━━━ Data to use
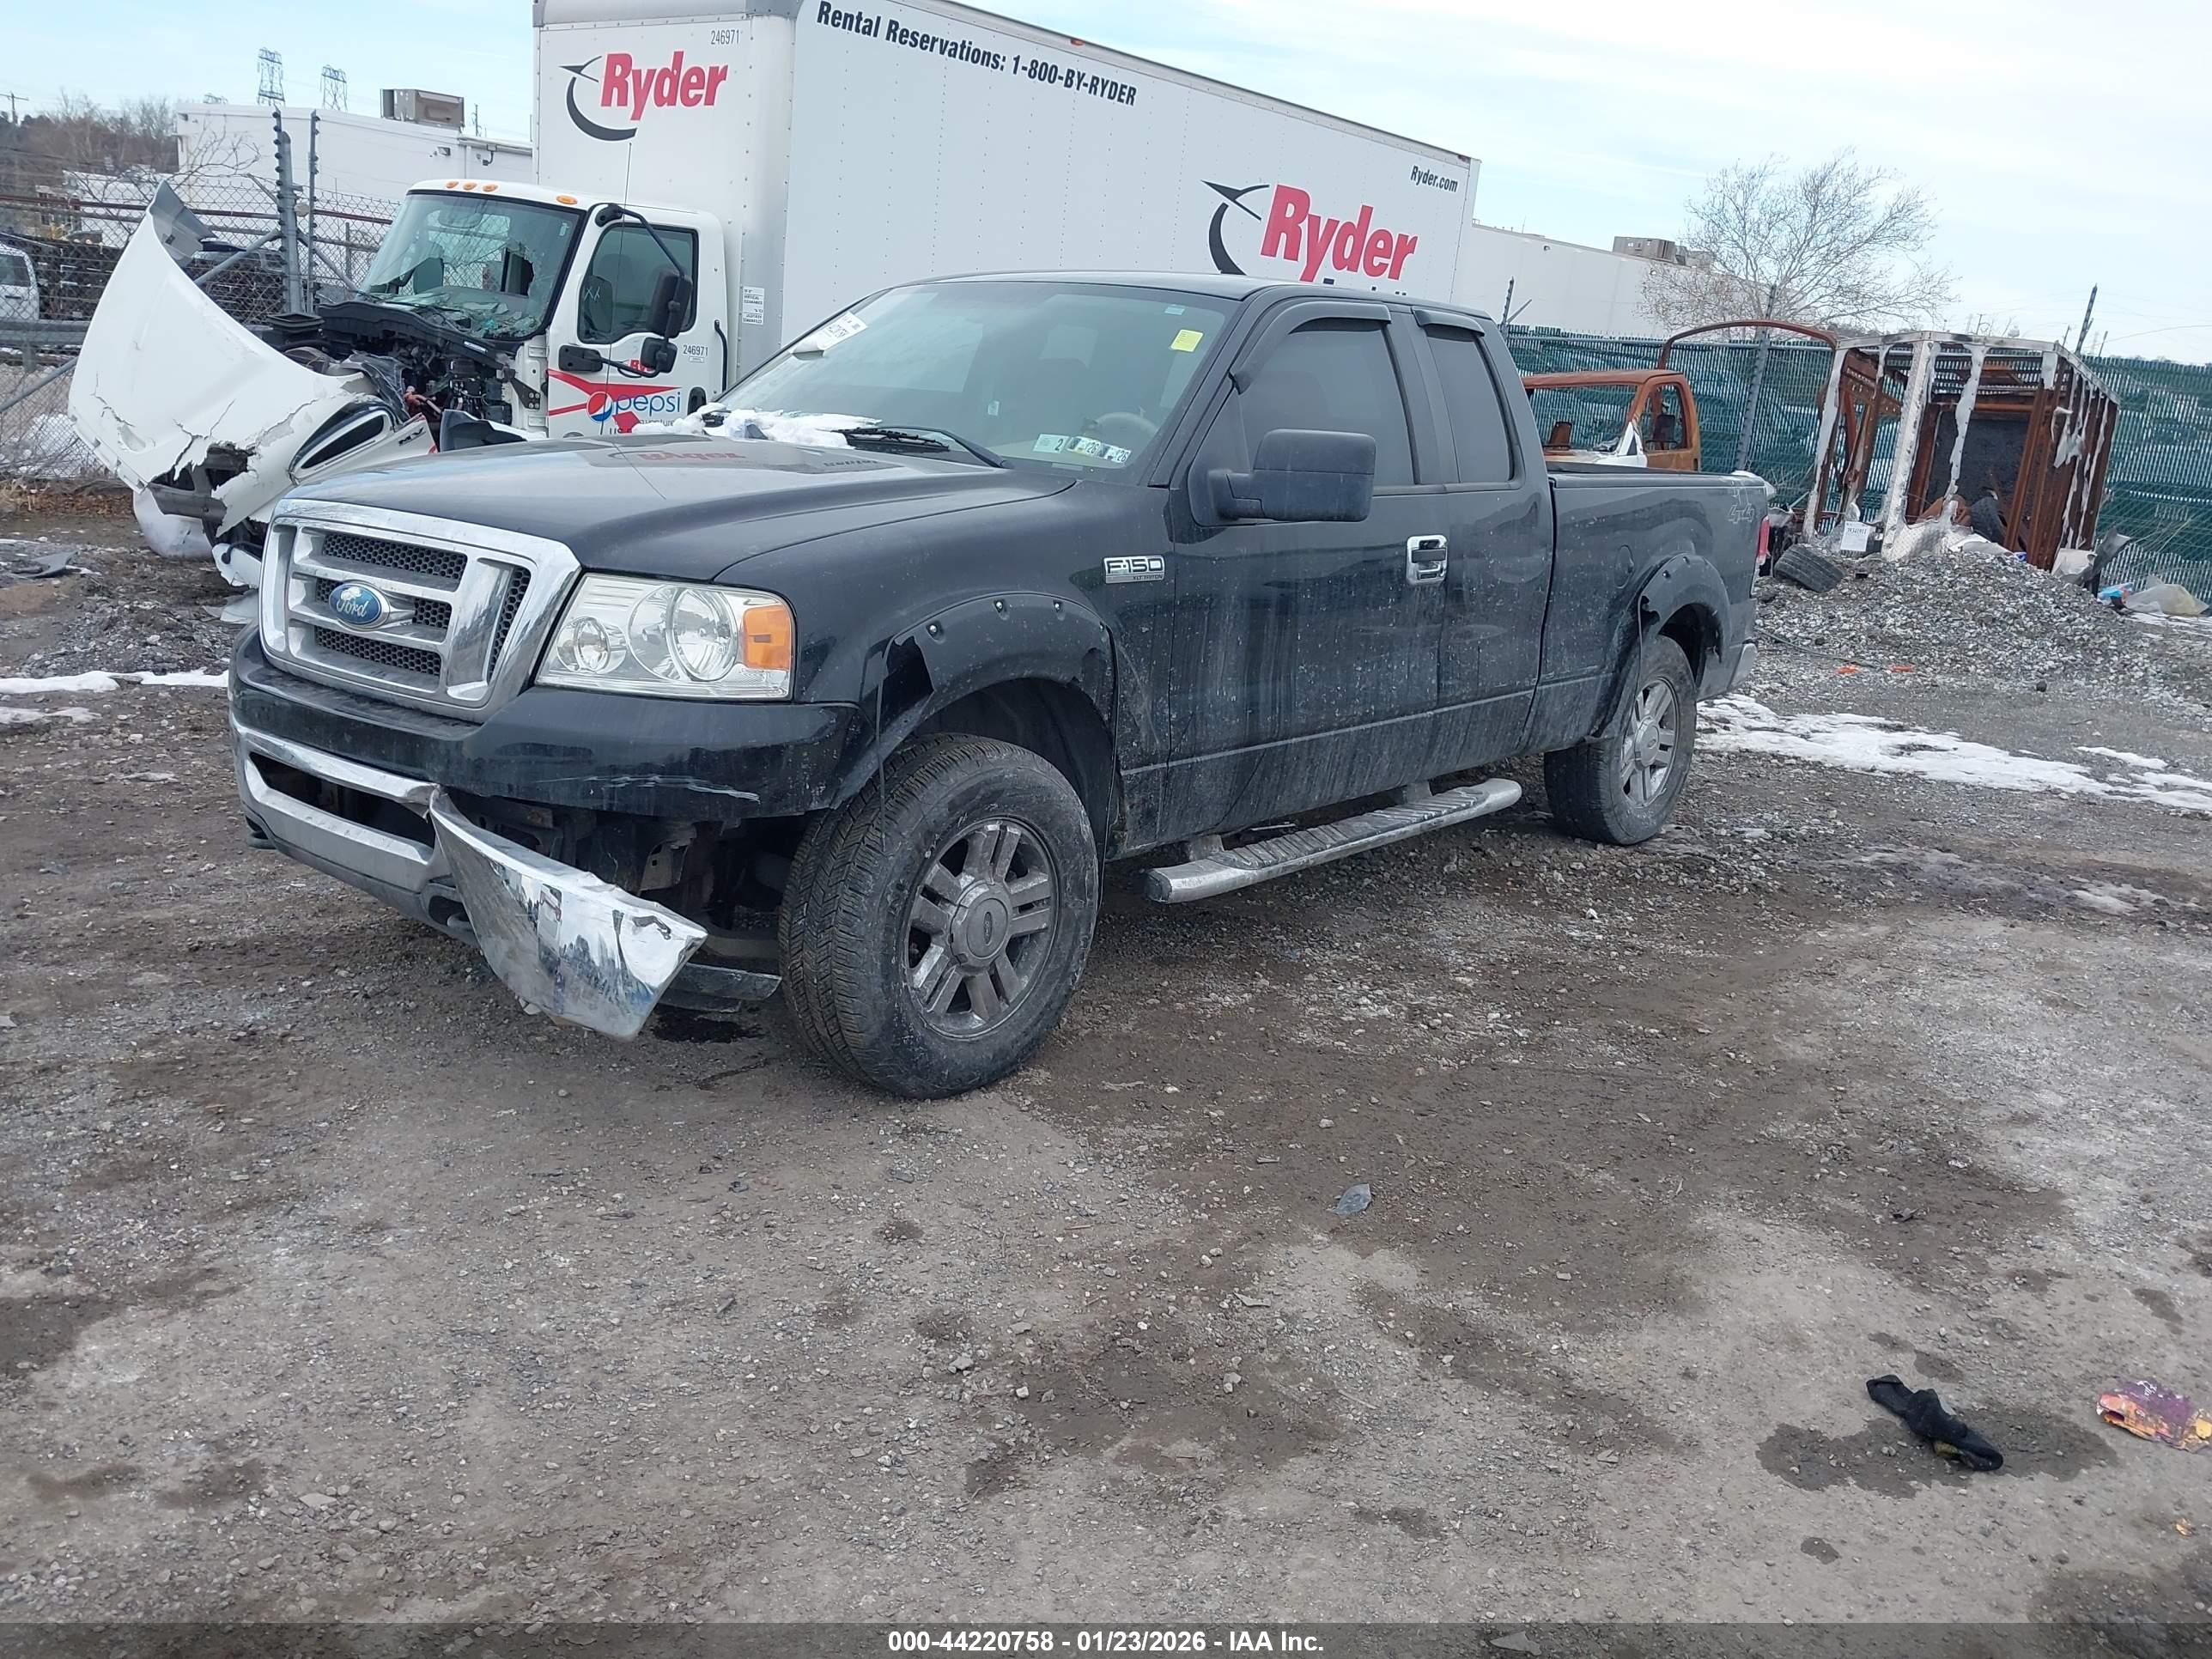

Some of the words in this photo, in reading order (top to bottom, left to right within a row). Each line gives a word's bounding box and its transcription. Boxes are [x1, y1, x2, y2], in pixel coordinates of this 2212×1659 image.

[711, 29, 739, 46] 246971
[817, 1, 881, 38] Rental
[885, 19, 1006, 71] Reservations:
[1012, 55, 1137, 106] 1-800-BY-RYDER
[600, 51, 728, 121] Ryder
[1410, 165, 1458, 193] Ryder.com
[1260, 183, 1419, 283] Ryder
[683, 344, 708, 356] 246971
[615, 392, 681, 416] pepsi
━━━━━━
Repeat every line above exactly, minus the pictures.

Some of the words in this photo, in reading order (top to bottom, left to right within a row). Each line gives a word's bounding box and its transcription. Boxes are [x1, y1, x2, y2], in pixel coordinates of this 2212×1659 image.

[711, 29, 739, 46] 246971
[817, 1, 881, 38] Rental
[885, 19, 1006, 71] Reservations:
[1012, 55, 1137, 106] 1-800-BY-RYDER
[600, 51, 728, 121] Ryder
[1410, 165, 1458, 193] Ryder.com
[1260, 183, 1419, 283] Ryder
[683, 344, 708, 356] 246971
[615, 392, 681, 416] pepsi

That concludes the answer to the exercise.